Il genio compiuto di Josè Saramago

A quattro anni dalla scomparsa del premio nobel per la letteratura, José Saramago, morto nel giugno del 2010, arriva nelle librerie italiane, edito da Feltrinelli, l’atteso libro incompiuto a cui il grande scrittore lavorava fino agli ultimi giorni della sua vita che lo vedevano arrendersi alla leucemia. Gunter Grass con l’illustrazione e uno scritto di Roberto Saviano, contribuiscono all’arricchimento di quest’opera che è un romanzo che parla delle armi, della fabbricazione, del traffico e del sabotaggio. Proprio per questo motivo aveva avuto un primo titolo di “Bellona la dea romana della guerra”, poi cambiato in “Alabarde Alabarde”.

Il libro chiaramente lascerà un retrogusto amaro per palato dei lettori affezionati, per via del fatto che sarà impossibile conoscere il reale finale che il grande scrittore avrebbe redatto, ma è oltremodo suggestivo provare ad immaginare i finali che potevano scaturire da una penna così sensibile a temi tanto pregnanti come il pacifismo e l’inutilità delle guerre. In ogni caso nel libro avverrà una sorta di conversione da parte di un operaio appassionato di film di guerra che lavora in una fabbrica di armi, apparentemente inconsapevole di quella economia disumana e che piano piano muterà i suoi punti di vista.

Il mondo di Saramago arriva dal viaggio, un  viaggio che non finisce mai, come lui dice perché solo i viaggiatori finiscono. La sua partenza per questo viaggio onirico inizia con il cuore di un bambino allevato tra le tristezze e le durezze di una vita da contadino, ma dove i suoi profeti e stregoni, i nonni, gli hanno trasmesso il potere del cuore umano, rafforzato dalle dinamiche dei campi e dallo sfondo di una Lisbona che imparava a cercare la libertà, e intenerito dalle dinamiche della semplicità di scorrimento delle emozioni che imparò presto a imprigionare con le parole.

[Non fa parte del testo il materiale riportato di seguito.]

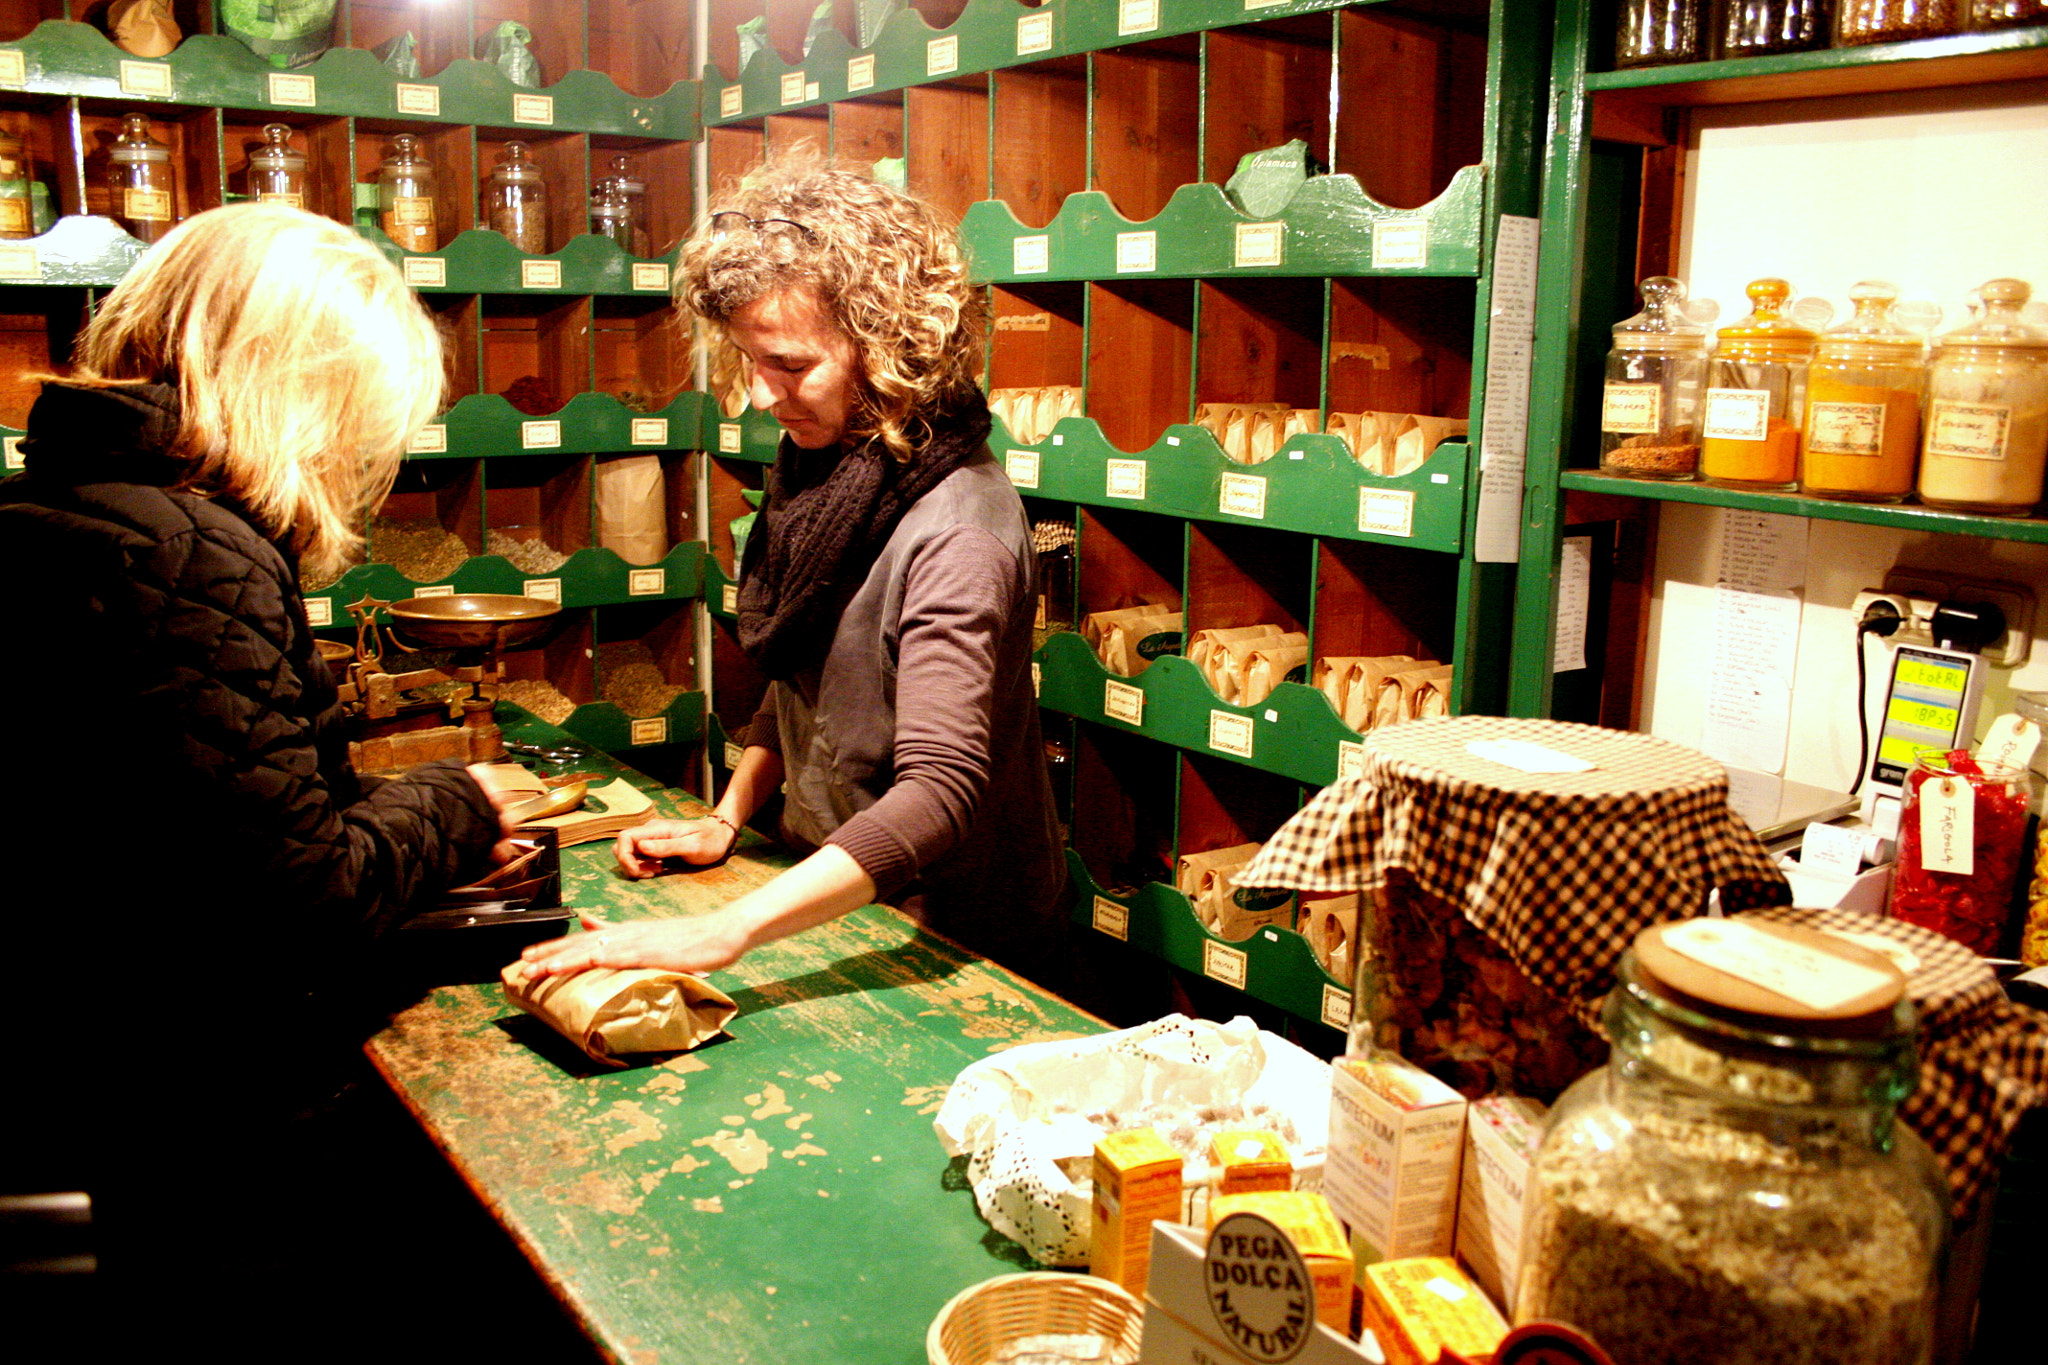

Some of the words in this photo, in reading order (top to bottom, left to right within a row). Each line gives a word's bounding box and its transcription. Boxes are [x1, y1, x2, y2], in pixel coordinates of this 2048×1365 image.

La caratteristica che lo ha reso famoso e che gli ha permesso il raggiungimento del nobel è stata sicuramente “un’attenzione morbosamente acuta” nei confronti di certi piccoli particolari del reale, attraverso la quale amava far assurgere tante volte a protagonisti, con l’intento di conferire senso a ciò che apparentemente non ne aveva. Tra le motivazioni infatti, che si leggono nella sua biografia per l’assegnazione del Nobel, compare proprio l’utilizzo di una narrazione fantastica, che “con parabole, sostenute dall’immaginazione, dalla compassione e dall’ironia ci permette continuamente di conoscere realtà difficili da interpretare.”

Era un grande inventore di storie che riusciva a guardare il mondo ogni volta con occhi nuovi, e mai gli uomini e le cose capitavano sotto una lente corretta dall’abitudine, ma sempre erano il ritratto ricavato da una lucida e meticolosa analisi che non si accontentava dell’apparenza, ma scavava sempre nella profondità degli animi per tratteggiare un’immagine, e dignitosamente, senza mai lasciarsi andare a giudizio alcuno, se non nell’autoironia, spazzava via la commedia degli inganni. Il fantastico mondo onirico che era in grado di creare si allacciava al suo percorso di vita, ma abbracciava con estremo amore la potenza evocativa di ogni parola. E il rispetto sacro per la parola lo ritroviamo nella stima di cui ha goduto nel suo paese, come uomo di riferimento e di grande valore civile. Eppure nella rudezza di uomo contadino memore dell’esperienza del giornalista, della parola conosce il drammatico peso e i pericoli tutti.

Con semplicità poteva dire, condannando senza ufficialmente farlo, Salazar e tutti i dittatori violenti “Ogni parola è detta perché non se ne oda un’altra… la parola è polvere negli occhi. “Da questo amore per la parola forse nacque la straordinaria amicizia con Dario Fò, un altro strabiliante mago della parola, che a volte riesce a parlare dicendo cose incomprensibili e a comunicare usando anche il silenzio. Quando Saramago scomparve Dario Fò ebbe a dire “la nostra  non era un’amicizia di mestiere, stavamo bene insieme”. Lo stare bene insieme è il segreto della vita, si sta bene solo con ciò che si ama incondizionatamente. Tutti quelli che giocano con le parole devono gratitudine al suo estro:

“Le parole sono buone. Le parole sono cattive. Le parole offendono. Le parole chiedono scusa. Le parole bruciano. Le parole accarezzano… il mondo gira sulle parole lubrificate con l’olio della pazienza. I cervelli sono pieni di parole che vivono in santa pace con le loro contrarie e nemiche.per questo le persone fanno il contrario di quel che pensano, credendo di pensare quel che fanno. Ci sono molte parole.” E ora non ne abbiamo più.